Failure can mean suspension or termination of the contract.
Low bidders no longer have first crack at jobs just by keeping estimates down. Starting this year, dispatchers have been able to call in the crew with the best performance record, not the one offering to do the work for less.
Four Latino contractors are suing the department in U.S. District Court in Portland, Oregon, claiming that enforcement of the new regulations is racially motivated and reflects a belief that Latino crews are more likely to “cut corners and engage in misconduct to make money.”
“It’s not our theory they are discriminating against Latino firefighters. But they are discriminating against Latino contractors,” said Kevin Jacoby, a paralegal in the Salem law firm handling the lawsuit. “If they did it on a wider scale, they wouldn’t have anybody to fight fires.”
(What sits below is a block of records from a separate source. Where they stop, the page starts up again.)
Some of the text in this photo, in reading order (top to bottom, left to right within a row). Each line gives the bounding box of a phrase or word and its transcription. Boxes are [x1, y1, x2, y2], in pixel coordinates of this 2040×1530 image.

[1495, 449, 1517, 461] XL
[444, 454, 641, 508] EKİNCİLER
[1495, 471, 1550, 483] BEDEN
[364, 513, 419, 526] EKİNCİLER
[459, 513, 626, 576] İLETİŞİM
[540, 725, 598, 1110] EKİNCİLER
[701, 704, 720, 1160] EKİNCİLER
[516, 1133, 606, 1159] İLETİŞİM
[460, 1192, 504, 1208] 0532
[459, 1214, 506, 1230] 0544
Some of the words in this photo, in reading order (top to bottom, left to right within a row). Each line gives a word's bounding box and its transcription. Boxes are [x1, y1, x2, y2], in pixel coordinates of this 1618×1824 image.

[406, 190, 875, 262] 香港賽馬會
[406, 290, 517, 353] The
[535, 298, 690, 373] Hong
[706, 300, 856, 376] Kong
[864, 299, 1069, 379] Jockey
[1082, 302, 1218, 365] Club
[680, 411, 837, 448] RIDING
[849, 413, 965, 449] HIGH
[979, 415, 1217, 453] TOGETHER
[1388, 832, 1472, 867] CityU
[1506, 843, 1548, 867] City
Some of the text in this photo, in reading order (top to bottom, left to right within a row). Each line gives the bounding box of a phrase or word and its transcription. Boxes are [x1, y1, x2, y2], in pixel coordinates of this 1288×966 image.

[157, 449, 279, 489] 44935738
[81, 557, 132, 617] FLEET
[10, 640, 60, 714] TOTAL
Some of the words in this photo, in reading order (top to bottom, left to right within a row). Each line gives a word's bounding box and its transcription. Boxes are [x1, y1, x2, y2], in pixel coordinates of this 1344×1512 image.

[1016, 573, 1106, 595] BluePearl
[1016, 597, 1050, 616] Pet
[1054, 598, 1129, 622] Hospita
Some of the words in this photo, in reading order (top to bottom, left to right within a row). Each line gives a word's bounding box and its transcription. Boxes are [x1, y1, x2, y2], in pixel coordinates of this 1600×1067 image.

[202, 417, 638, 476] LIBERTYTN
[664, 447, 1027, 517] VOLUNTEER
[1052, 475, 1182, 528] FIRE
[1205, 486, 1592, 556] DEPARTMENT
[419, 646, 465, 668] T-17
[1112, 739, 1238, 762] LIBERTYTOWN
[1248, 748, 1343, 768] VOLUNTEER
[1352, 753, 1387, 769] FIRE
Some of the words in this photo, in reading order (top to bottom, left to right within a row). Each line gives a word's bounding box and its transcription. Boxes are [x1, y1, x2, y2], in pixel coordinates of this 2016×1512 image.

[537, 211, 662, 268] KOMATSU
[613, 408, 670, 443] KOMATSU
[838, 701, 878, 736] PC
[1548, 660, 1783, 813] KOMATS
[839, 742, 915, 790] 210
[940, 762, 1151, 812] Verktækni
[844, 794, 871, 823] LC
The lead plaintiff, Mountain Forestry of Independence, lost its contract for 16 fire crews in 2004 over a record-keeping dispute.
“When they identify a problem in one of these files currently under a Latino firefighter, they come down very hard on them,” Jacoby said.
Oregon officials insist they do not intentionally target Latinos, who account for 27 of the 61 contractors in Oregon.
But they say they are improving performance and safety in an industry that was spinning out of control a few years ago when a string of big wildfire seasons created demand that outstripped the supply of experienced crews.
“Everybody is feeling good about this process, with the exception of some folks who are suing us,” said Bill Lafferty, fire program director for the department.
The crackdown has been welcomed by established contractors, including Latino employers such as G&B Reforestation of Salem.
“I believe it’s actually good,” said Andres Coria, a squad boss for the company started last year by his father, Gerardo. “This kind of eliminates a lot of these underbidding guys who just come in and bid a low price.”
Coria said leadership positions are filled by bilingual family members, and the firefighters break down about half Latino and half white.
Coria said he doesn’t think he can spot forged work papers, so he recruits among high school and college friends.
An inspector general’s report from the U.S. Department of Agriculture this year took particular note of complaints about English fluency, and raised the possibility that some crews likely include illegal immigrants.
The Pew Hispanic Center estimates about half of the 300,000 Latinos in Oregon are undocumented, but no one has anything but guesses on the proportion among firefighters.